«Если нравы эпохи оправдывали жестокость на Западе, то то же приложимо и к Ивану», — приходит к вполне сбалансированному умозаключению Казимир Валишевский, и здесь с ним вряд ли стоит спорить.
Есть почти неуловимая, но существенная разница между альковными приключениями короля Генриха VIII и царя Иоанна. Первый, однако, был куда более вульгарен и циничен, чем второй. Так что суть не только в жестокости.
«Курбский, задавший тон хулителям царя, был заинтересованной стороной в этом деле. Он был представителем непокорного меньшинства. Масса же выражала свое настроение при помощи поэтического народного творчества, и мы уже знаем дух его». Этот пассаж из Казимира Валишевского возвращает нас к одному из эпиграфов романа: «История злопамятнее народа!»
Народ — добр и страдает ностальгией по прошлому, но нельзя вполне понятные и объяснимые чувства выдавать за истинное отношение — в данном случае — к Иоанну.
«Народ не только терпел Ивана, но восхищался им и любил его», — утверждают Казимир Валишевский и некоторые отечественные историки.
Приведенное мнение справедливо лишь отчасти. Кто любил, а кто и ненавидел: неспокойно было в Московии! Иоанн заигрывал с народом через голову боярства, используя вековечную зависть бедных и обездоленных к богатым и сильным. Но целые пласты населения, и не исключительно на завоеванных восточных и южных территориях, а на исконно русских, да еще потерпевших от вражеского нашествия, готовы были взяться за оружие.
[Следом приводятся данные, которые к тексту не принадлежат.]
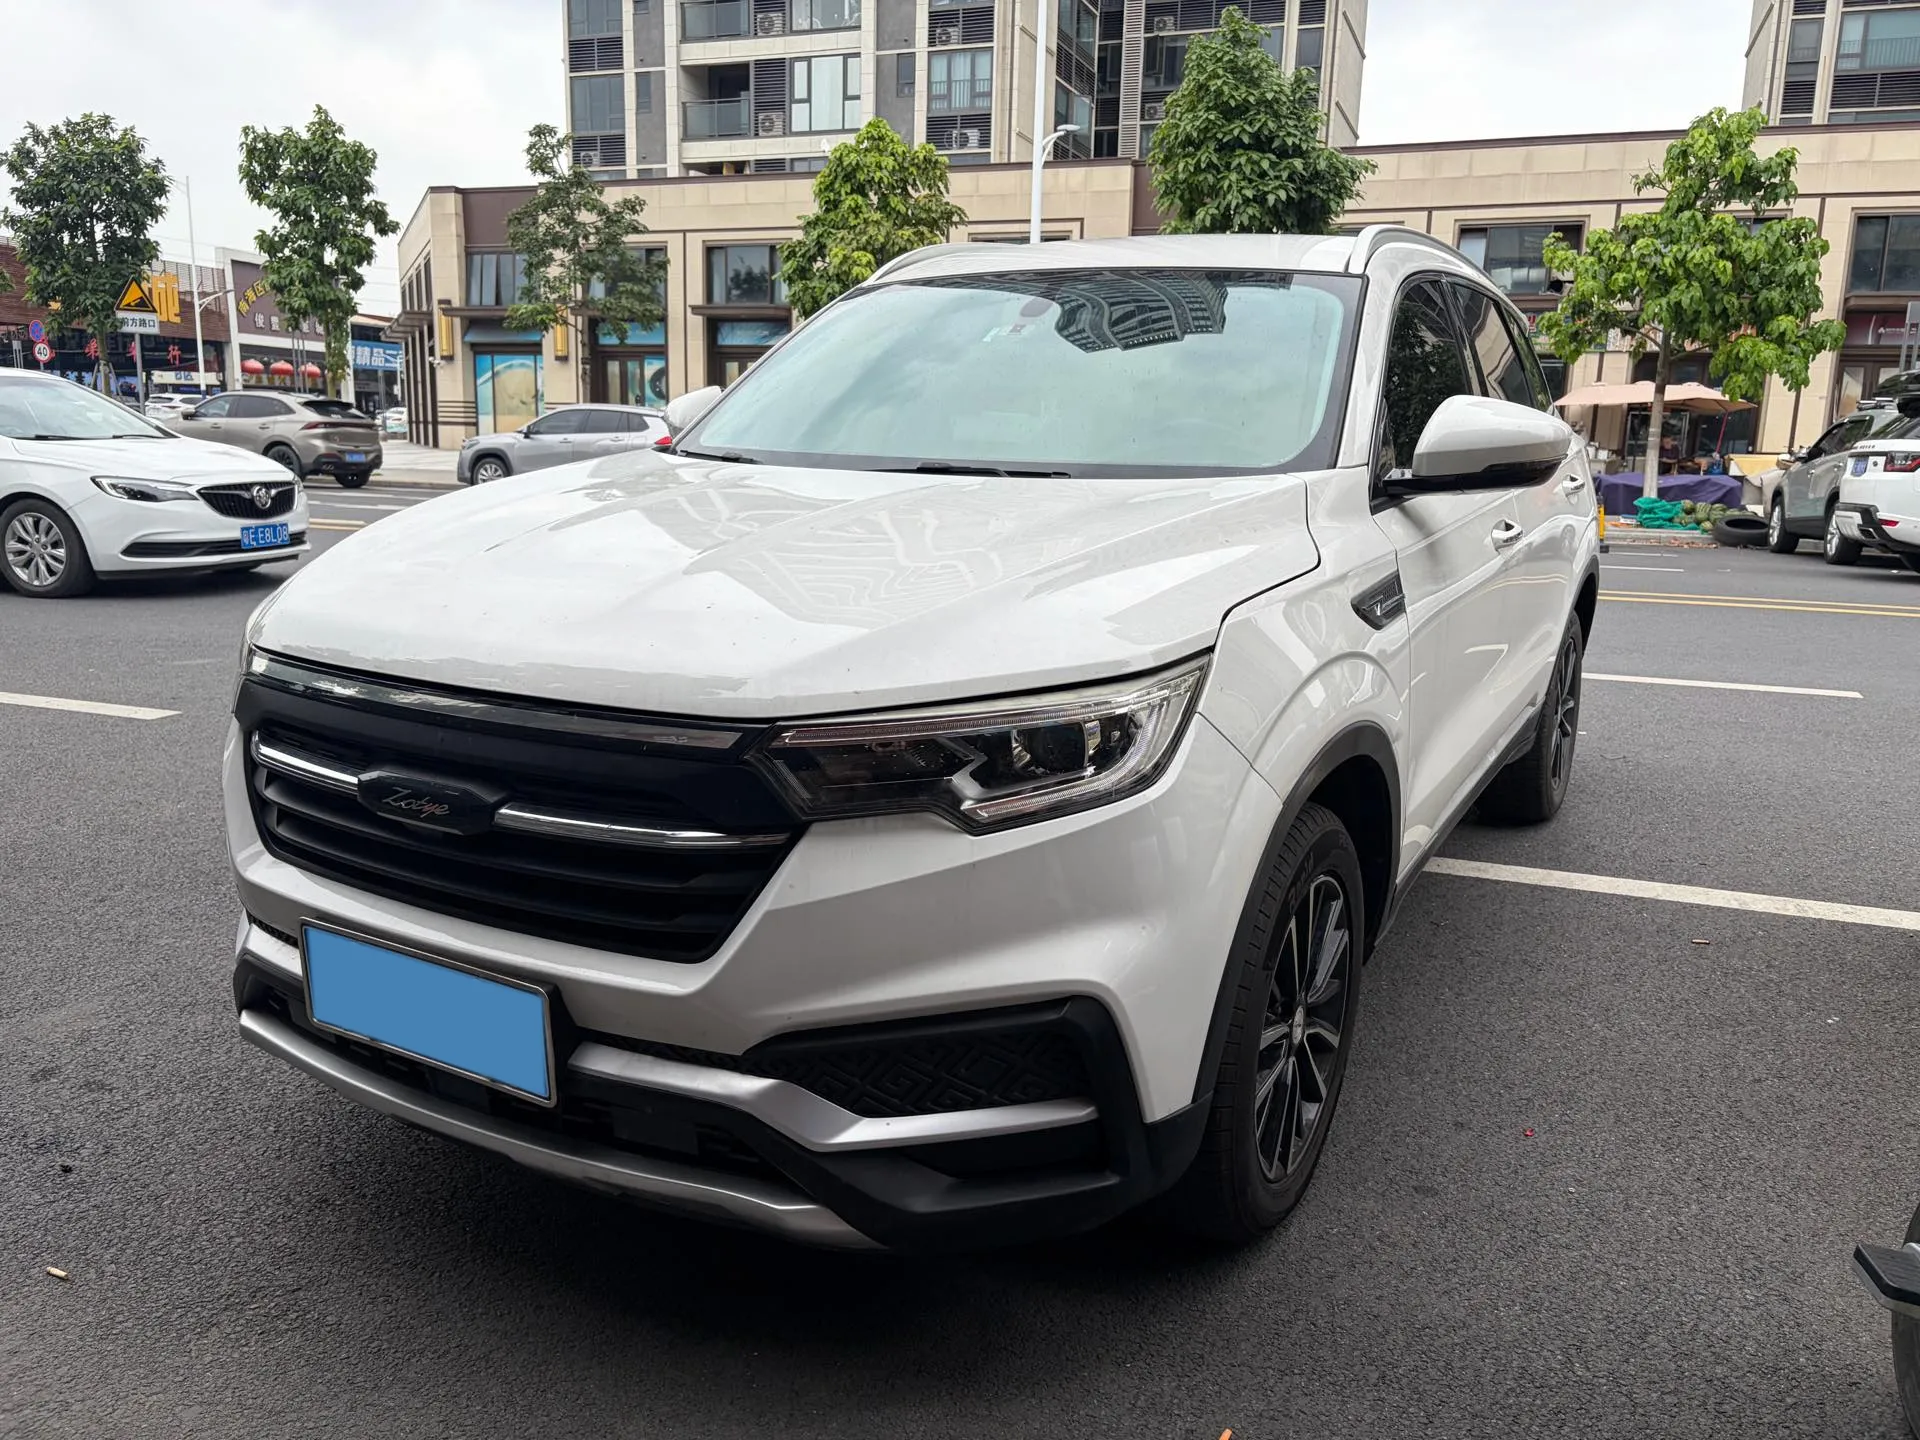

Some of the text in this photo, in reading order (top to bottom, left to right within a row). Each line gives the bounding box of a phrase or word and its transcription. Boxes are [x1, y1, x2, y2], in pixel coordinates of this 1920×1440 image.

[121, 317, 156, 328] 前方路口
[37, 347, 48, 357] 40
[382, 786, 450, 818] Zotye
Новгородцы, смоляне, псковичи имели к Иоанну свой счет, и немалый. Как же тут можно говорить о любви?
«Из толпы его сотрудников он (народ) удержал только два имени — Никиты Романовича Захарьина и палача Малюты Скуратова», — пишет Казимир Валишевский, совершенно в том не ошибаясь.
Я уже приводил отрывок из былины о брате царицы Анастасии, который, как и создатель Якобинского клуба и клуба фельянов Эмманюэль Жозеф Сьейес, «свидетель террора во Франции XVIII века, «умел жить». Легенда сделала из него героя, изобразив его отказывающимся от милостей царя и заботящимся об установлении более мягких законов для народа, — замечает Казимир Валишевский, демонстрируя не просто широту эрудиции, но и редкое умение включать различные события и участвующих в них фигурантов в единый исторический контекст. — Та же легенда отдает предпочтение Малюте Скуратову как истребителю бояр и князей. Этот демократический инстинкт властно обнаруживается во всех воплощениях народного слова и раскрывает нам тайну опричнины, ее идею и легкость, с которой Грозный навязал ее одним и вызвал сочувствие большинства».
Здесь я не без удовольствия прерываю диалог с Казимиром Валишевским, который, к сожалению, как и в предшествующих главах написанной им книги, не поднимается над банальными трактовками эпохи, замыкающей еще длящееся русское средневековье, не более кровавое и трагичное, чем европейское, и в целом и в частностях. Однако стоит подчеркнуть, что сравнительная характеристика положения в Европе и России относится к лучшим страницам его часто поспешного труда.
Понятно, что способы разрешения конфликтов — любых: социальных и личных — в разных странах обладали специфическими особенностями. На Западе им старались придать вид законности, на Востоке законом была воля властелина. Между тем суть процесса насилия мало от того менялась. Надо ли приводить достаточно известные цифры погибших в период, когда свирепствовала святая инквизиция? Надо ли упоминать о депортациях и выселениях, по-старинному — выводе людей из городов и сел, на территории государства Российского как о чем-то небывалом и варварском, когда наиболее популярный инквизитор Торквемада выселил из Испании всех евреев и выселение сопровождалось такими эксцессами, что нынешний король испанский был вынужден, вступив на престол, принести извинения целому народу?